Research Paper Volume 11, Issue 10 pp 3362—3375
Circular RNA hsa_circ_0001649 inhibits hepatocellular carcinoma progression via multiple miRNAs sponge
- 1 Department of Hepatobiliary and Pancreatic Surgery, The Affiliated Huaian No.1 People’s Hospital of Nanjing Medical University, Huaian, China
- 2 State Key Laboratory of Reproductive Medicine, Center for Global Health, Key Laboratory of Modern Toxicology of Ministry of Education, School of Public Health, Nanjing Medical University, Nanjing, China
- 3 Research Center of Clinical Medicine, Nantong University Affiliated Hospital, Nantong, China
Received: December 16, 2018 Accepted: May 20, 2019 Published: May 28, 2019https://doi.org/10.18632/aging.101988
How to Cite
Copyright: Su et al.
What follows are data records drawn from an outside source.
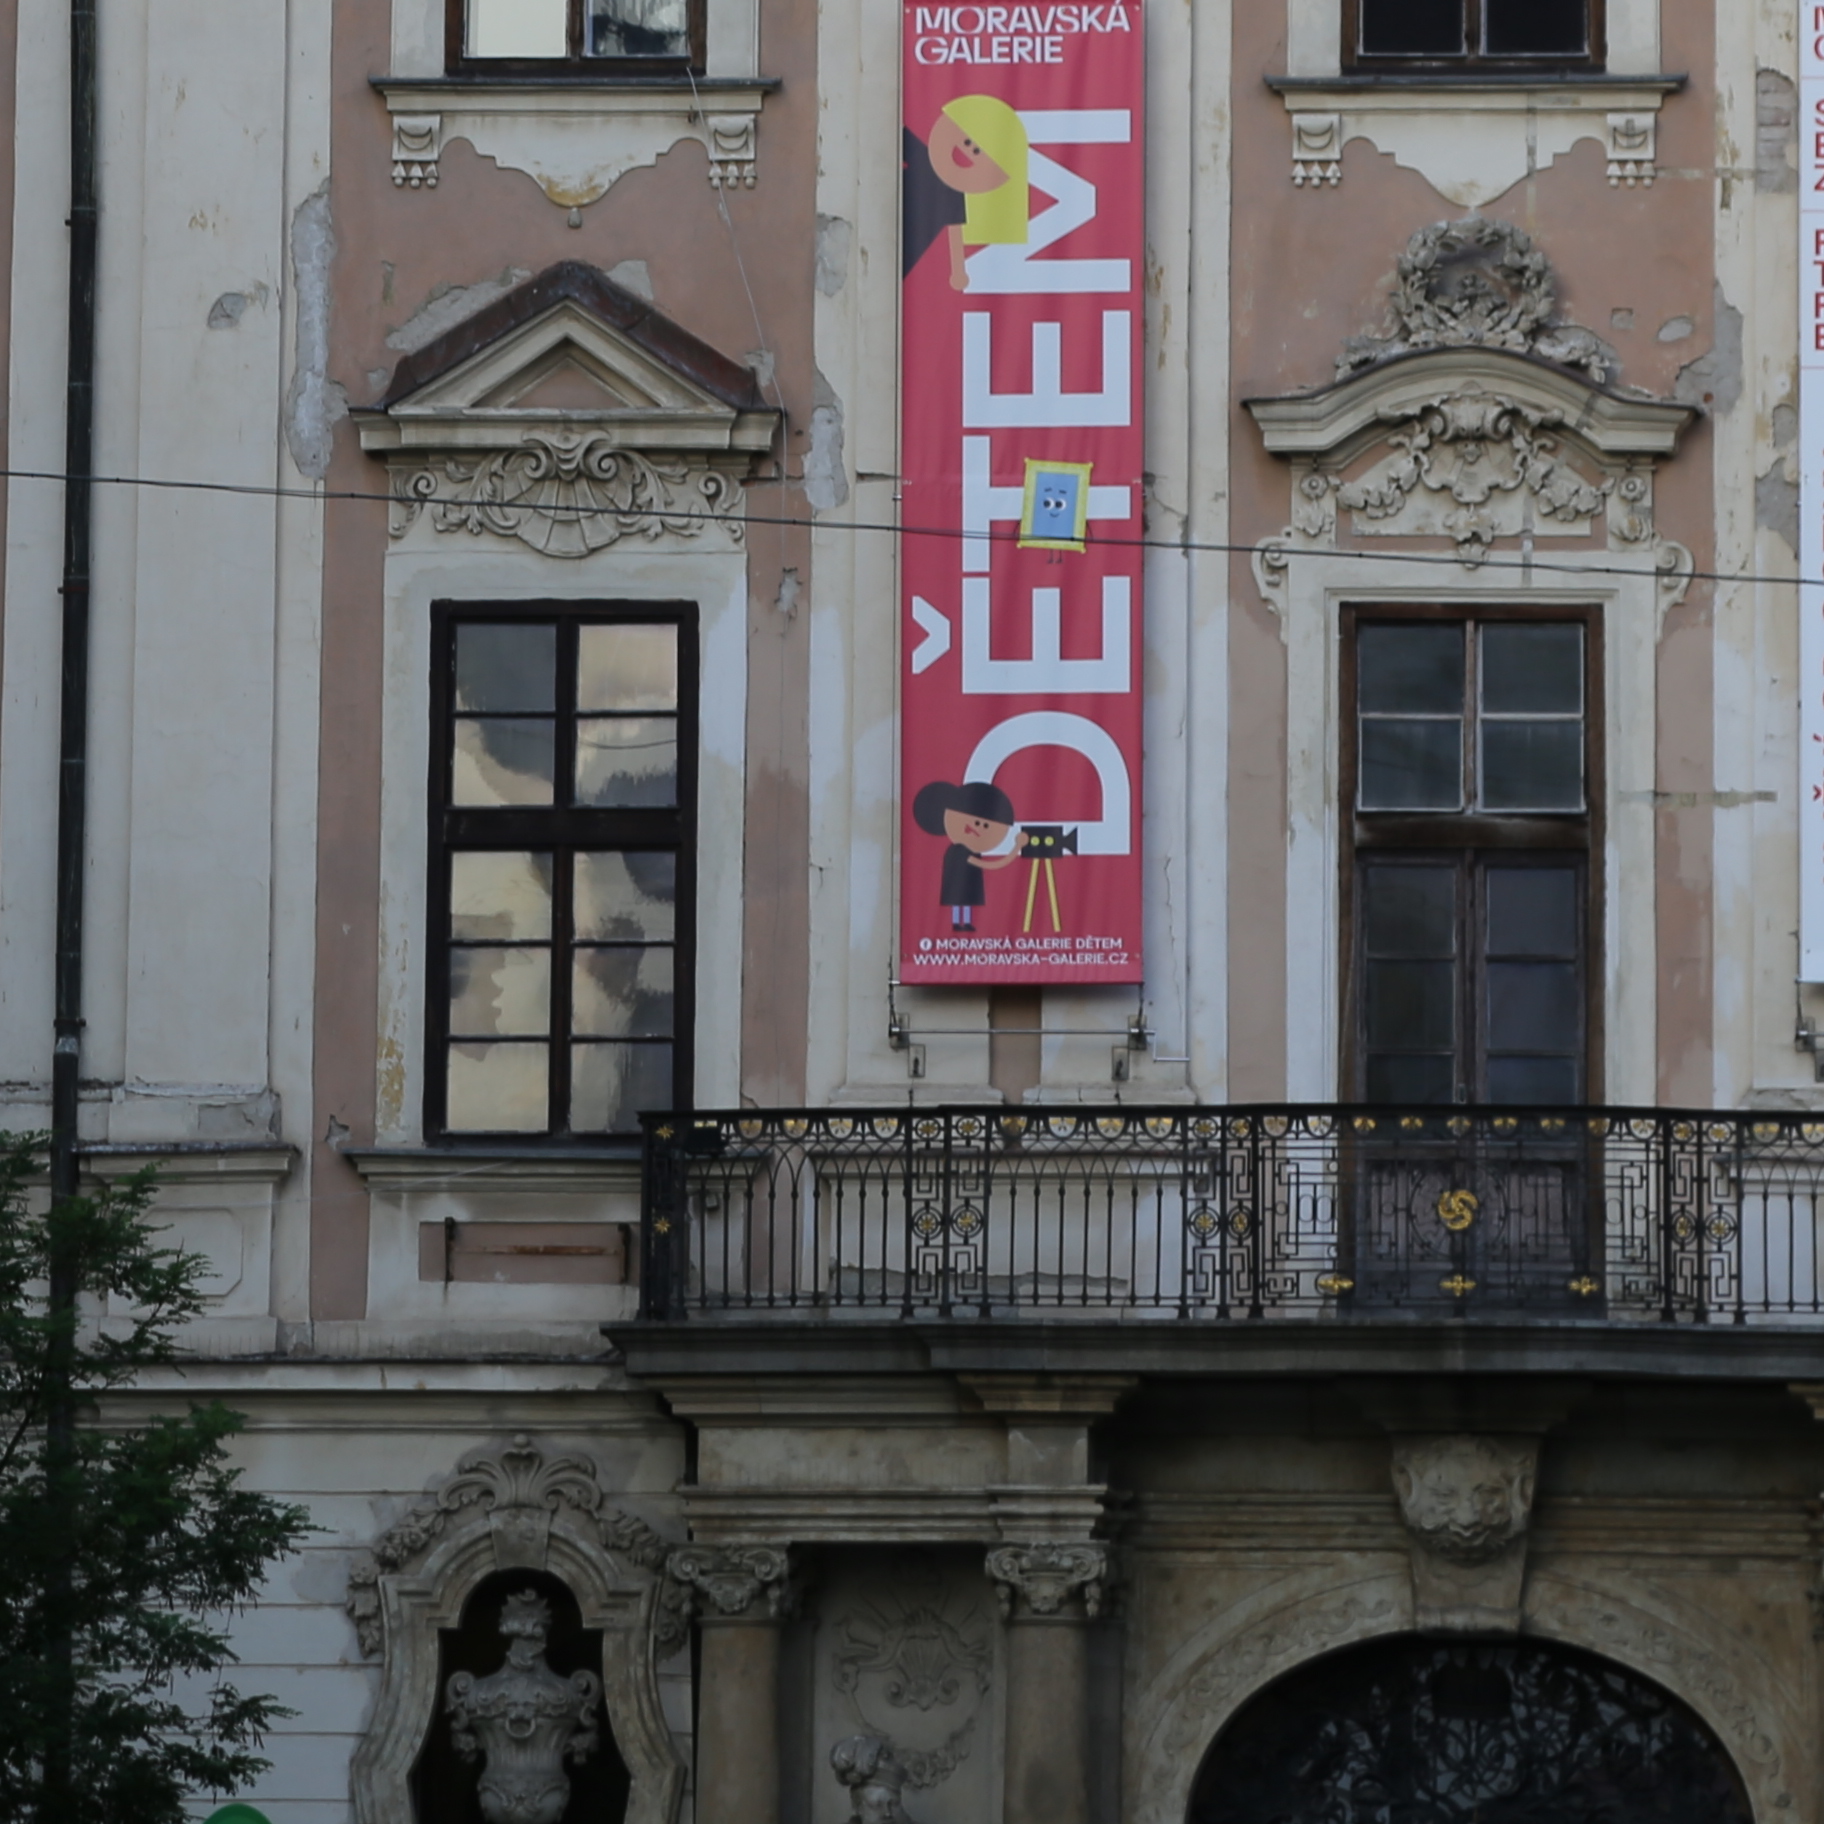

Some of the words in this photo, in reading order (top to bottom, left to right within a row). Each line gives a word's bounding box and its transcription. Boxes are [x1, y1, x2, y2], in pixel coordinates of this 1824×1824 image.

[915, 36, 1063, 63] GALERIE
[912, 108, 1132, 856] DĚTEM
[936, 937, 1011, 950] MORAVSKÁ
[1016, 938, 1071, 949] GALERIE
[1076, 936, 1122, 949] DĚTEM
[914, 953, 1128, 965] WWW.MORAVSKA-GALERIE.CZ
This is an open-access article distributed under the terms of the Creative Commons Attribution License (CC BY 3.0), which permits unrestricted use, distribution, and reproduction in any medium, provided the original author and source are credited.
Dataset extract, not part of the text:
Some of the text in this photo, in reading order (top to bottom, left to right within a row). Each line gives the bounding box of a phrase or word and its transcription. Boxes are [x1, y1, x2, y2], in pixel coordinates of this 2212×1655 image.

Circular RNA (circRNA) exerts an essential role in tumor development. Hsa_circ_0001649 (circ-0001649) was produced at the SHPRH gene locus containing exon 26-29. This study analyzed the specific mechanism of circ-0001649 in influencing the development of hepatocellular carcinoma (HCC). Relative levels of circ-0001649 in HCC cell lines and tissues were examined by qRT-PCR. The direct binding between circ-0001649 and miR-127-5p/miR-612/miR-4688 were verified through Dual-luciferase reporter gene assay, RNA Binding Protein Immunoprecipitation (RIP) assay and western blot detection. In vitro and in vivo regulatory roles of circ-0001649 in proliferative and migratory abilities of HCC were evaluated by EdU, Transwell and tumourigenicity assay, respectively. Results showed that circ-0001649 was markedly decreased in hepatocellular carcinoma cell lines and tumor tissues. Overexpression of circ-0001649 greatly inhibited proliferation and migration of HCC in vitro and in vivo. More importantly, we confirmed that circ-0001649 regulated cellular behaviors of HCC cells by targeting SHPRH. Furthermore, we determined that circ-0001649 served as a ceRNA to sponge miR-127-5p, miR-612 and miR-4688, thus activating SHPRH. In summary, our study showed that circ-0001649 was lowly expressed in HCC and inhibited HCC progression via multiple miRNAs sponge.
HCC: hepatocellular carcinoma; SHPRH: SNF2 histone linker PHD RING helicase; EdU: 5-ethynyl-2'-deoxyuridine; ceRNA: competing endogenous RNAs; circRNA: Circular RNA; RIP: RNA Binding Protein Immunoprecipitation; AUC: area under the ROC curve; DMEM: Dulbecco’s Modified Eagle medium; SDS-PAGE: sodium dodecyl sulphate-polyacrylamide gel electrophoresis.